There’s a piercing, terrible cry. Sally flies back into her body. The bathtub is half-empty, and the floor is flooded with rust-colored water. Barry is beside her, holding a wriggling, ugly thing wrapped in a threadbare yellow towel. Barry is crying almost as hard as the baby is. Sally stares at them both.
“It’s a boy,” Barry sobs. “We had a boy.”
“A boy,” Sally echoes faintly. She thinks randomly of her dad taking her camping with her uncle and cousins Jeremy and Luke when she was eleven, all the kids horsing around in the leaves while the grown-ups drank beer and bitched about Clinton. The smell of the campfire. Playing tag in the woods until their dads called them back, the cold air bracing her lungs as she ran as fast as she could to beat Jeremy.
Barry is maneuvering the baby toward her. Sally just looks at him until she realizes he’s trying to bring the baby to rest on her chest. She’s gripped with a sudden fear that something will happen, that Barry will drop him or something, so she carefully reaches out and brings the baby to her body without Barry’s help.
“Oh, it’s okay,” Sally says quietly. He’s still crying.
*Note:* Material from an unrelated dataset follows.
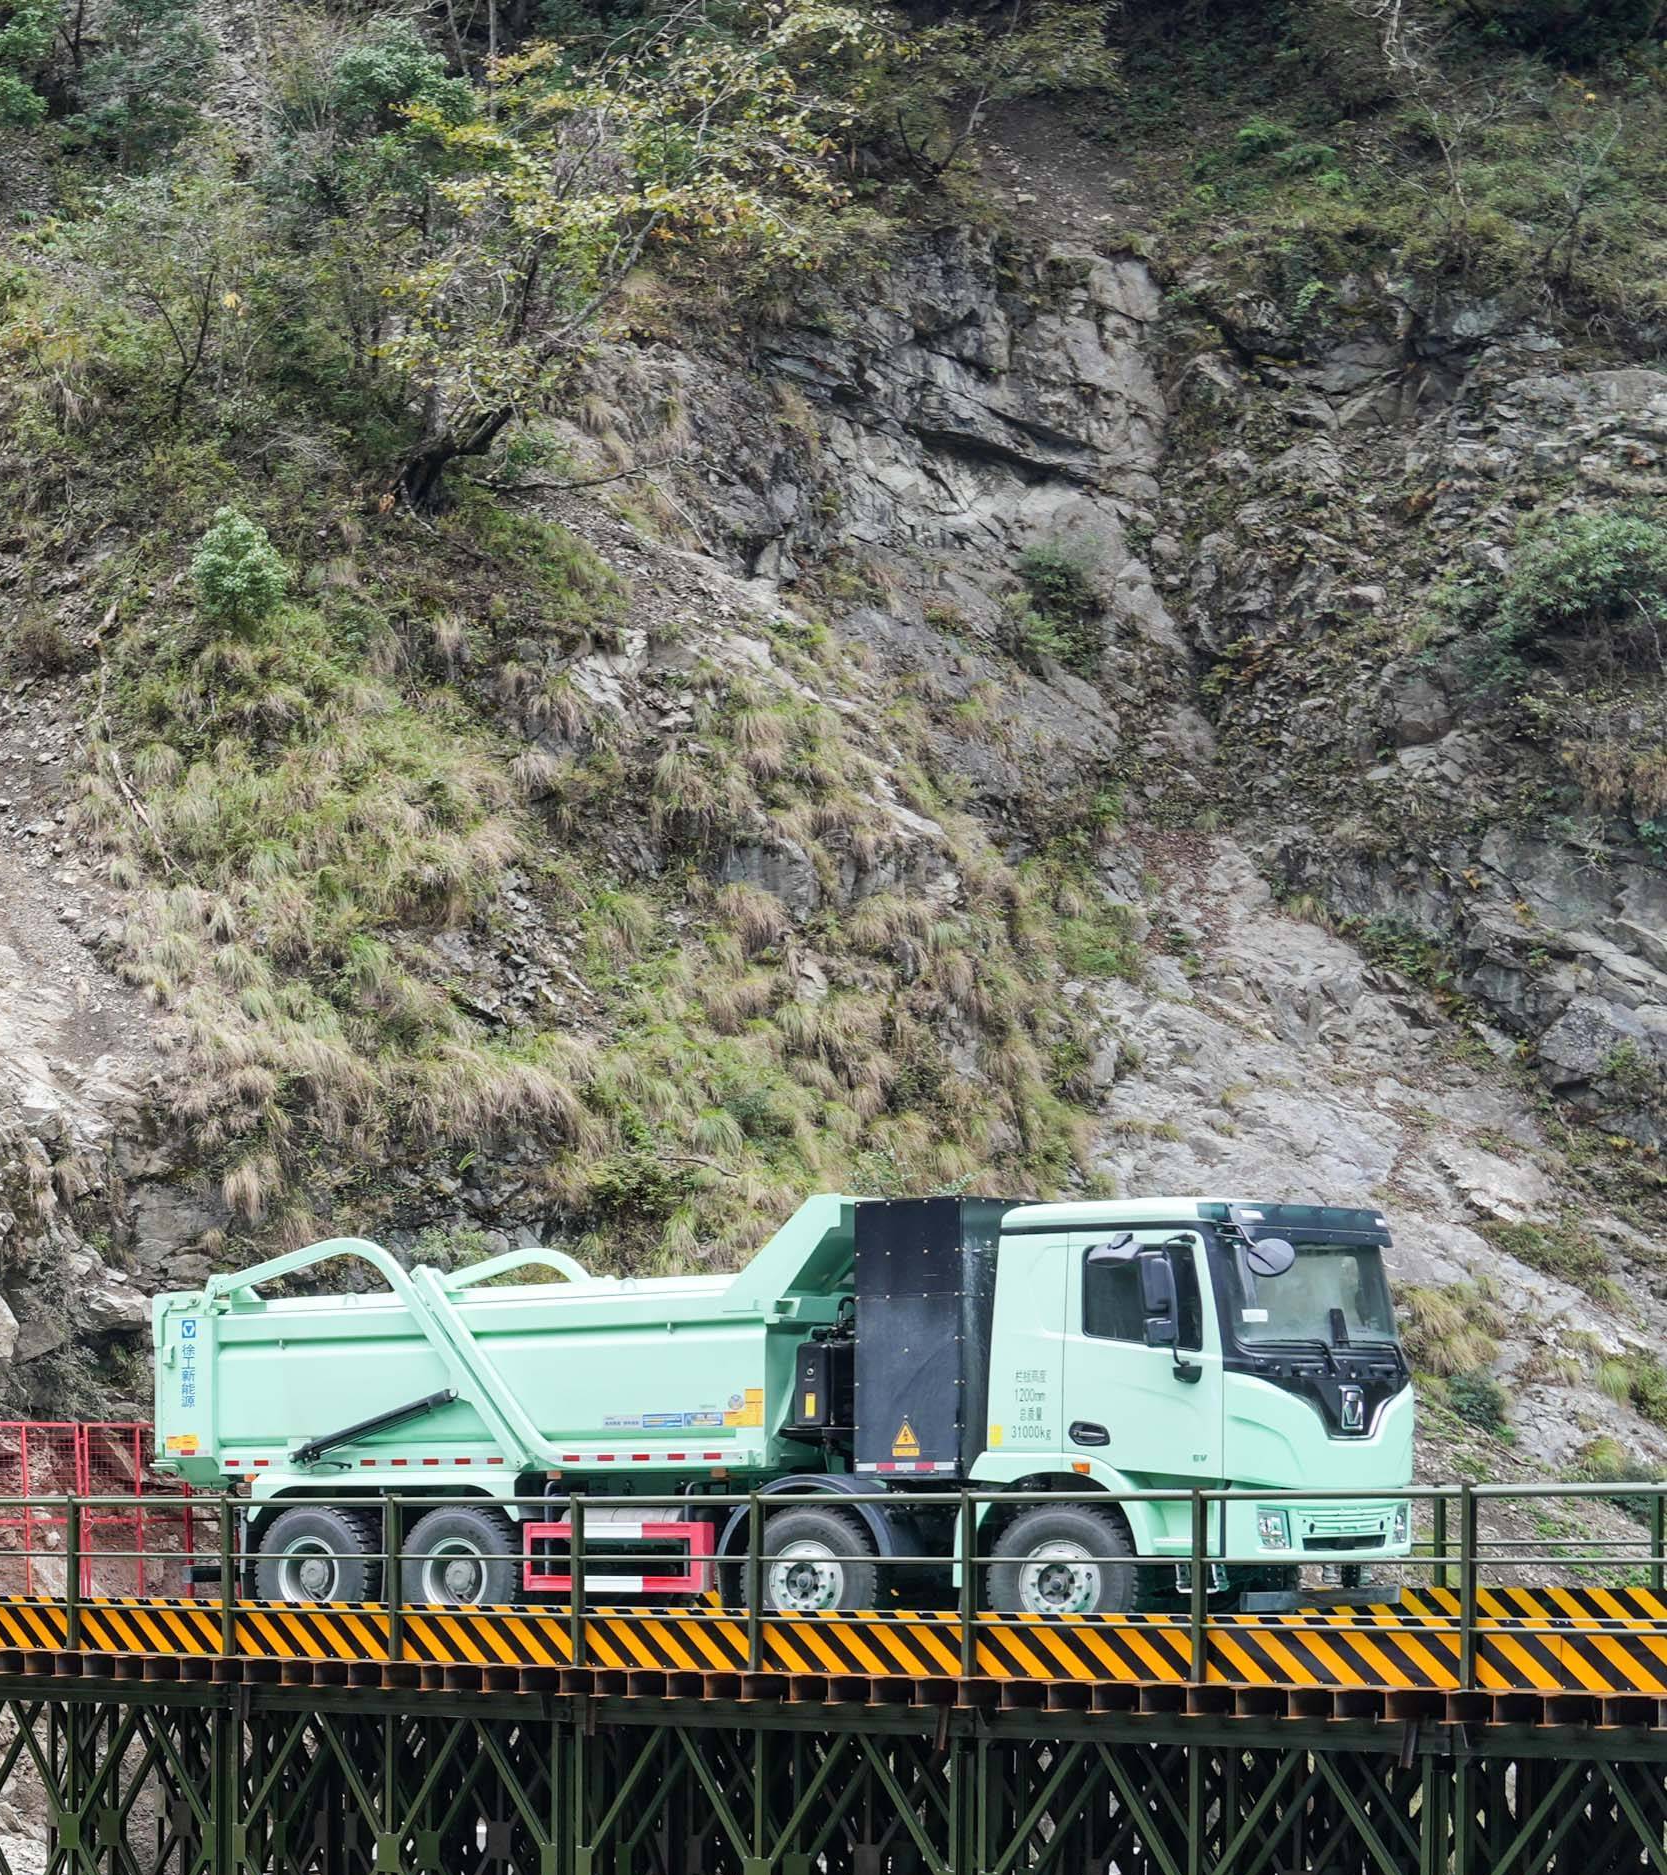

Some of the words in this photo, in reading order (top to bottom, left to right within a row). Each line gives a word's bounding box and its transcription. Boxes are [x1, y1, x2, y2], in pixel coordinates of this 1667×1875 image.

[181, 1344, 196, 1408] 徐工新能源
[1011, 1425, 1052, 1440] 31000kg
His face is wrinkled and red, and he’s got a soft patch of dark hair on his head. “It’s okay. That was hard. I know. You’re okay, though. Right? You’re okay?”
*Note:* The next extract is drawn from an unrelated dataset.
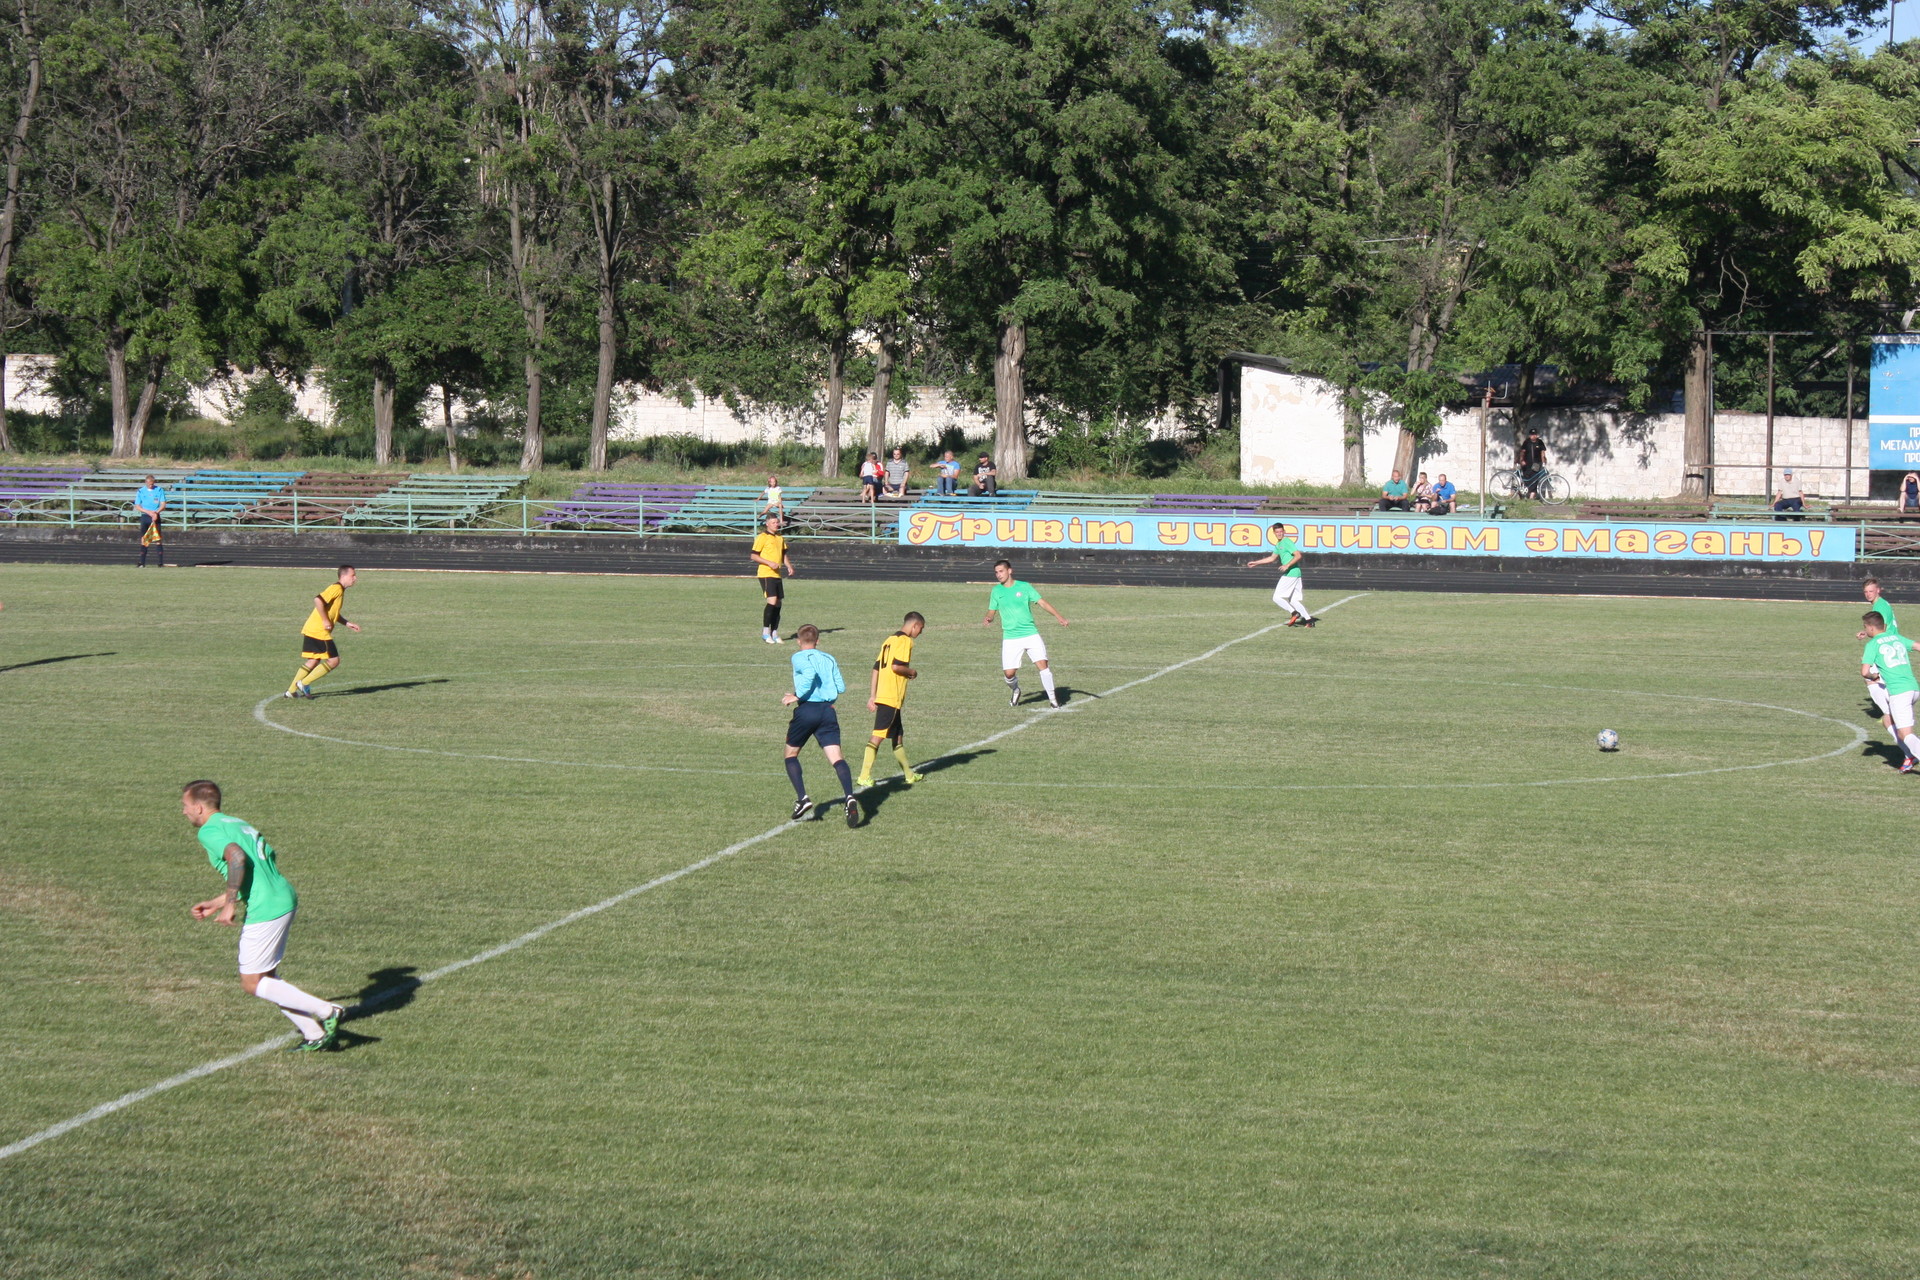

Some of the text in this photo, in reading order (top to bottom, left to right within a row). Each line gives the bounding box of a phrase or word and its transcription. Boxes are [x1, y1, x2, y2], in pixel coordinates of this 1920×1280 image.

[906, 511, 1826, 558] Привіт учасникам змагань!
[1878, 640, 1907, 669] 22
“He’s perfect,” Barry says beside her. “We did it. We’re parents.”
“We’re your parents,” she tells the baby. “Hi.”
His cries mellow to fussing. He rubs his face against Sally’s skin. She had worried that she wouldn’t know how to hold him, but she doesn’t even have to think about it. His weight feels right in her arms.
Later, after the placenta is out and the bathroom is mostly cleaned up and the baby is swaddled and sleeping soundly in the portable bassinet they purchased at a Walmart in Massachusetts, they lay together in bed. Sally is curled on her side to watch the baby sleep. Barry is spooned up behind her, and he’s watching too.
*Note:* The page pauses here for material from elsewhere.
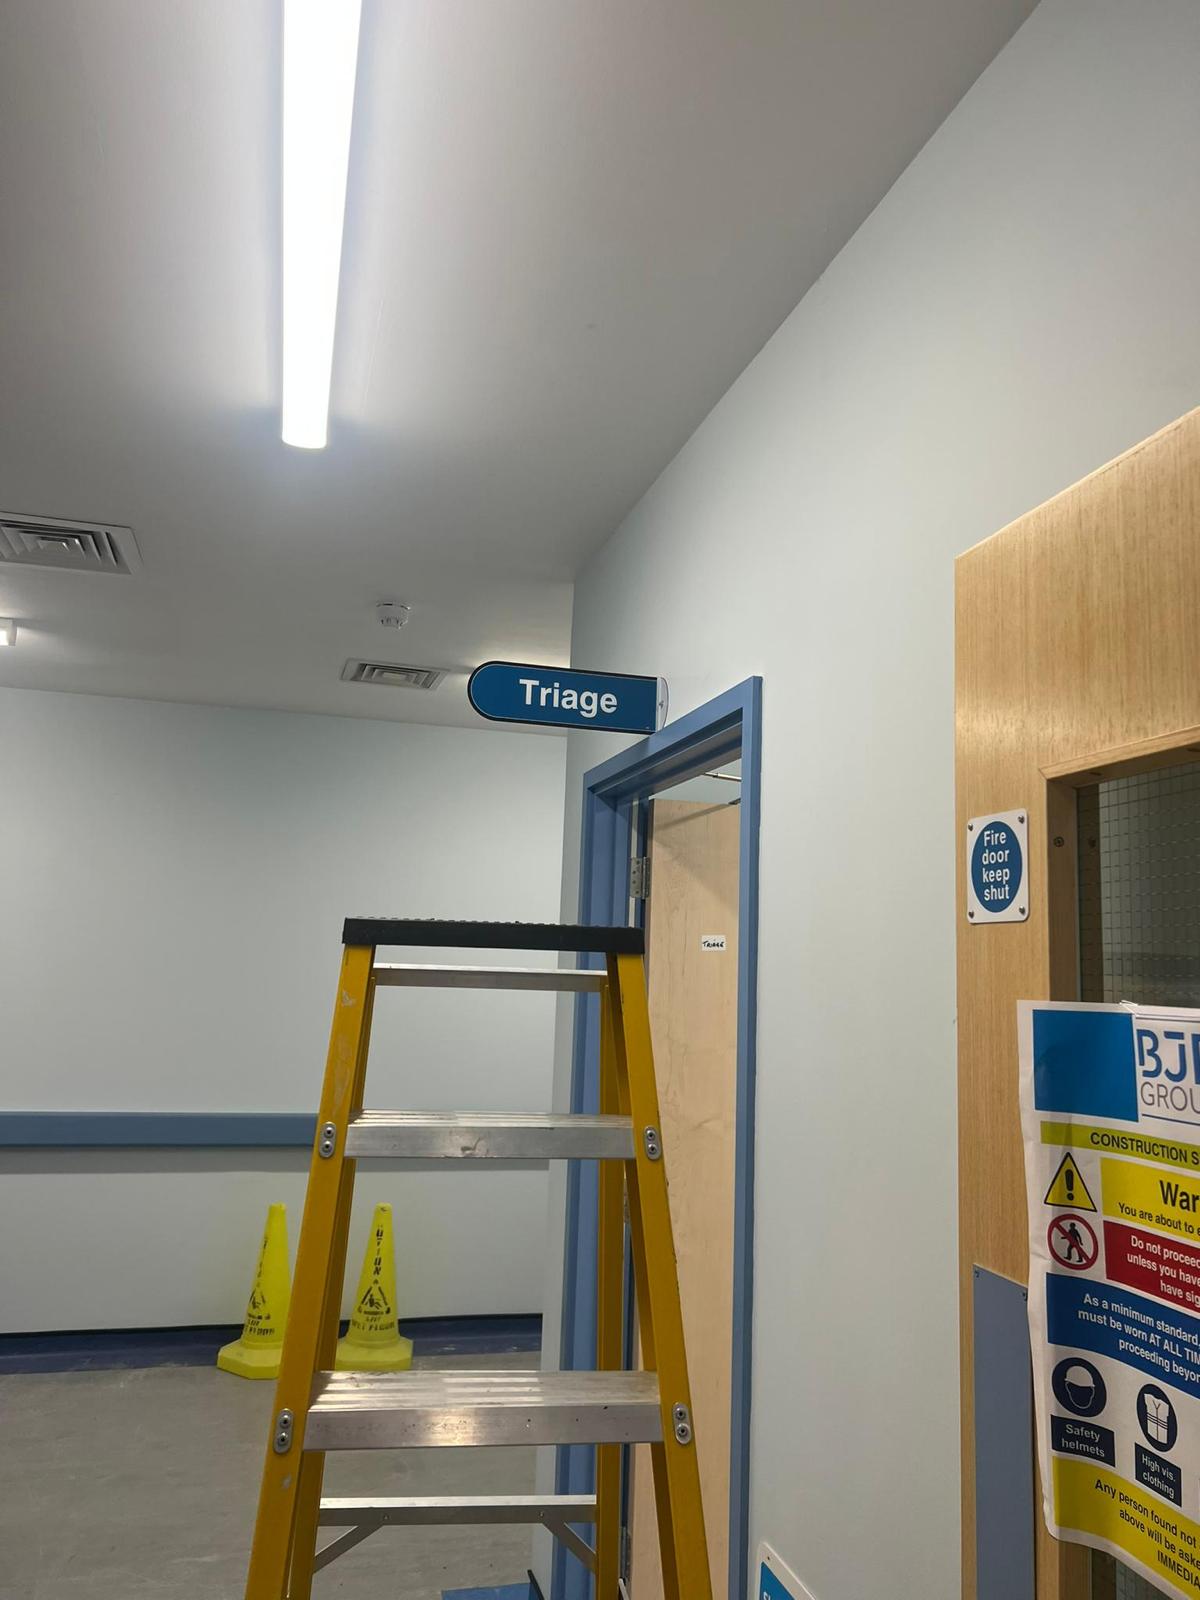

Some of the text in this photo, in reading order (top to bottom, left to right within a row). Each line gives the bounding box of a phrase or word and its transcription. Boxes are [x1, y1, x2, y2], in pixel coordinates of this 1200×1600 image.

“What should we call him?” He asks. Outside, the sun is setting.
Sally thinks. A few names bounce into her mind, but none of them sound like something she wants to call her son.
“I don’t know. What do you think?”
“I thought maybe we could name him John,” Barry says softly, like he’s telling her a secret. “After my dad?”
Sally goes still in his arms, immediately aware that this is untrodden ground for them. “You’ve never mentioned him before.”
“He died. When I was younger.”
Maybe someone other than Sally would have more questions, but she doesn’t want to know. She’s always figured something really bad happened to him as a kid, that he had some kind of twisted childhood of abuse like a character in a Lifetime movie. If that’s true, she doesn’t want to know the details. But even worse, some small voice in her asks, what if it isn’t true at all? She doesn’t know what she’d do if she found out he had a normal childhood like everyone else. If there was no answer to the darkest question of her whole life
“I like the name John,” she finally says. Looking at the baby, she thinks she could do that. She could nickname him Johnny, or something, if she wanted.
“Yeah?” Barry’s voice cracks out. He sounds so small. Like a kid himself.
“Yeah,” Sally says. “Let’s call him John.”
“Okay.” Barry kisses the back of her neck, and she feels him start to shake a little as he cries. Sally snuggles back into him.
Barry’s weight at her back is comforting, not claustrophobic. The baby is breathing slowly in his sleep. They’ll have to move towns, soon, but Barry promised they’d settle down somewhere for good in the next couple months. They have a plan. Sally has a son with Barry’s dark hair, a son who is making little sounds in his sleep.
“I love you both so much,” Barry says into her neck. His breath is hot. “Thank you. Thank you.”
Sally looks at John, his unblemished little face. That same part of her is going away, out the window to where the sun is setting and the leaves are still fluttering in the breeze, away from this dingy room with her baby and Barry.
“We love you too,” she says. The sound is an echo over a vast canyon. The words are just another line of dialogue.